In 1998 it seemed implausible, inconceivable even, that Ian Paisley and Martin McGuinness could ever be in government together, let alone have a mutual affection and partnership. There was too much history, baggage and animosity. Sinn Féin and the DUP working together? Sure, don’t pigs fly too? And yet it happened. As did so much else besides. You only have to look around Belfast city centre to see how a haunted town has been transformed into a bustling, busy and, yes, increasingly cosmopolitan place. Would any of those breakthroughs have happened without the GFA? Don’t believe it.

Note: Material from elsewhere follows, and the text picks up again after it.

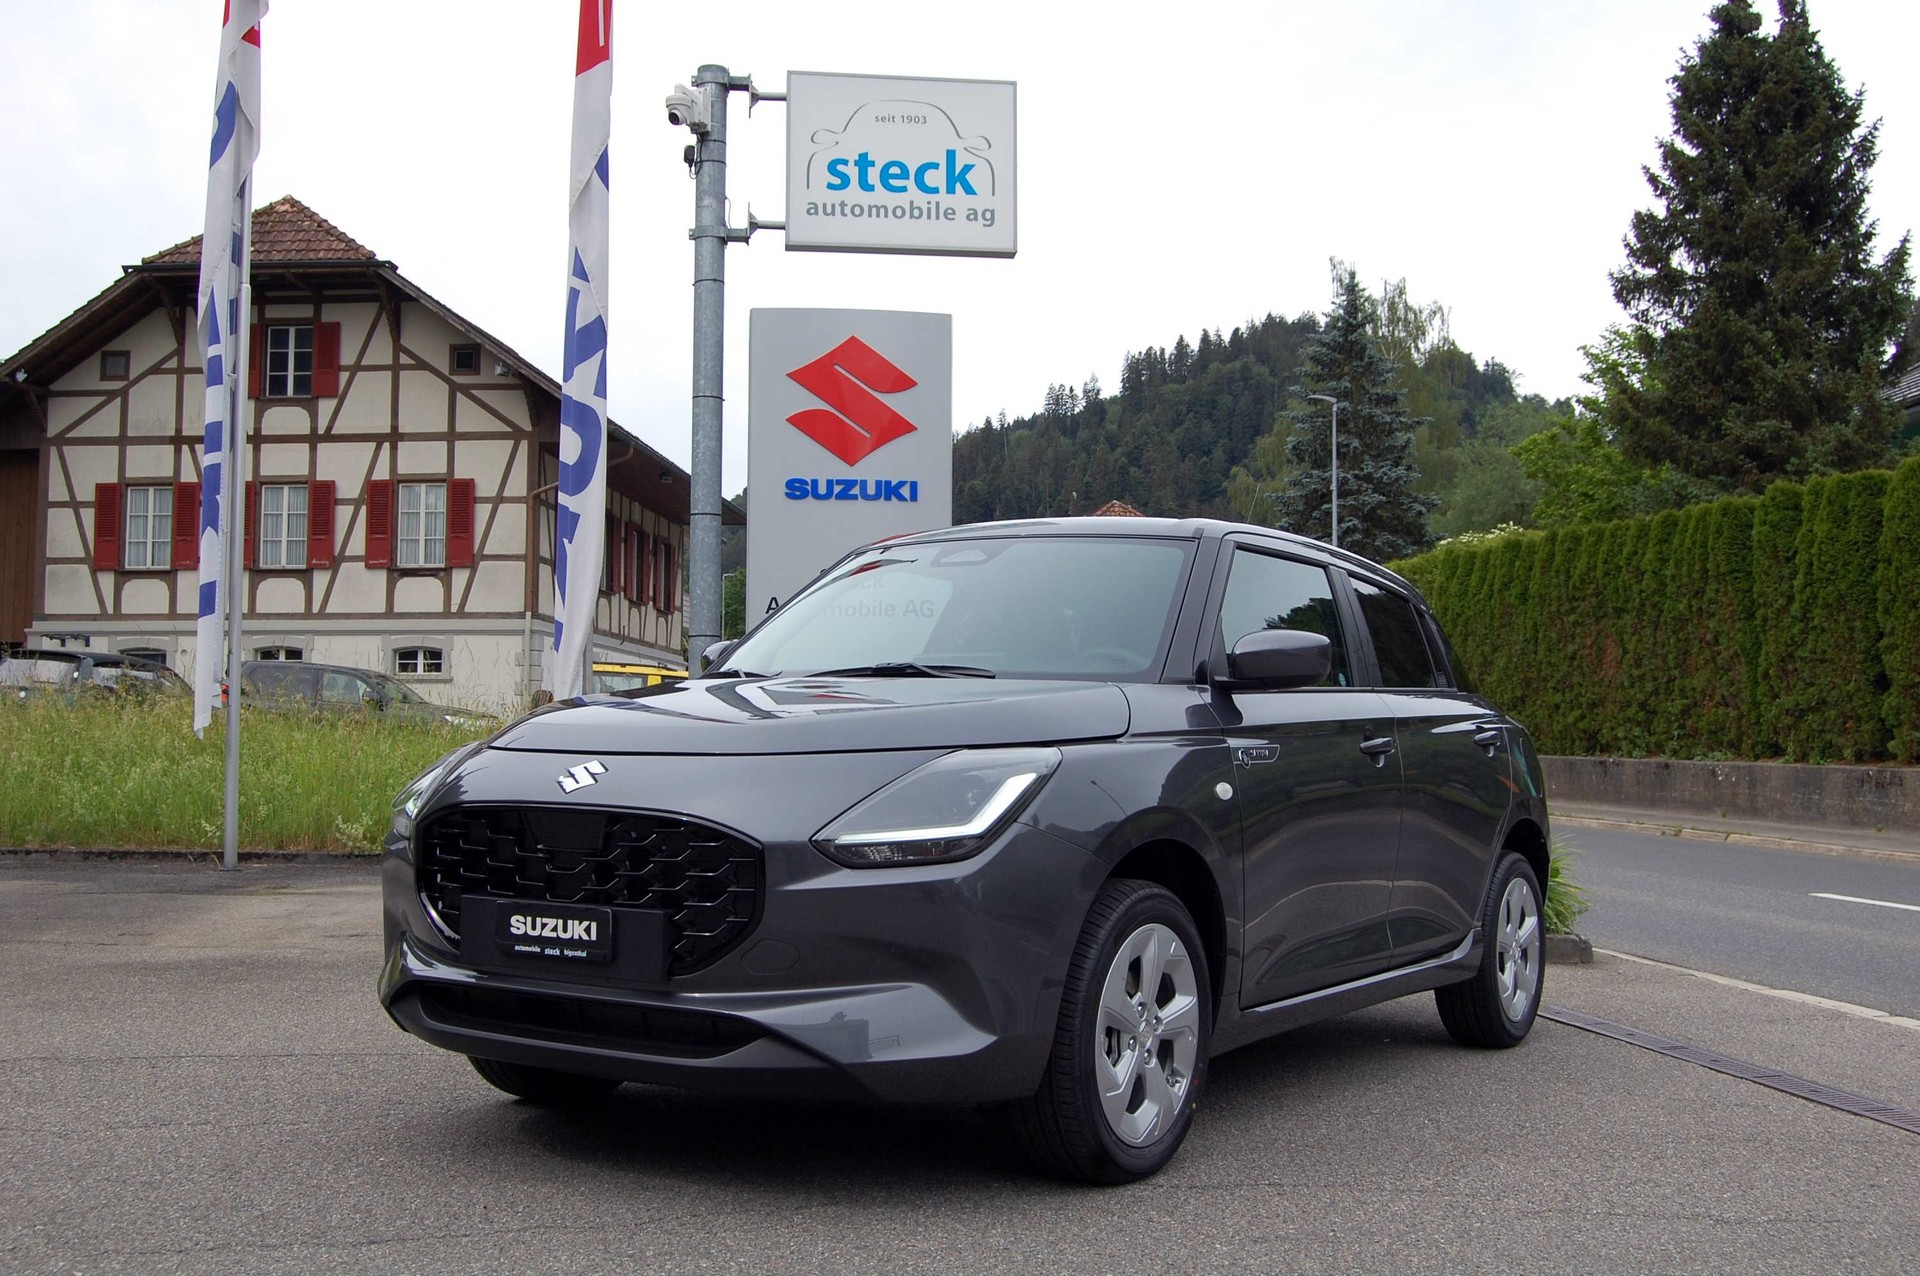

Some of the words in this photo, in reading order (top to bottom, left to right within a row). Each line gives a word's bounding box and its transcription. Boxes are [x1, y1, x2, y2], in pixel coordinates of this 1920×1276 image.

So, how should the Agreement be assessed, twenty years on from its codification? Despite its legion of problems, the story of the GFA remains a narrative of success. Of course, there are flaws but its constitutional and political architecture endures in spite of those issues. The most common gripe has always been that the Agreement institutionalised sectarianism; that the GFA created as many problems as it actually solved. There are no shortage of believers in the idea that Northern Ireland’s vast political problems have been exacerbated by the GFA and the awkward idea of ‘constructive ambiguity’ utilised by successive governments to smooth its rocky implementation.

While the idea has plenty of merit, it’s hard to dispute the notion that the Agreement delivered emphatically on its main purpose. If peace was the elusive prize, surely we can withstand a few forks in what was always going to be a difficult road to travel. It’s said that the price of liberty and peace is eternal vigilance and this truism was evidenced within months of the GFA when the Omagh bomb shattered the optimism of Good Friday. However, as we reflect on 20 years of the GFA and the new political dispensation it created, awful events like that have largely been consigned to the past.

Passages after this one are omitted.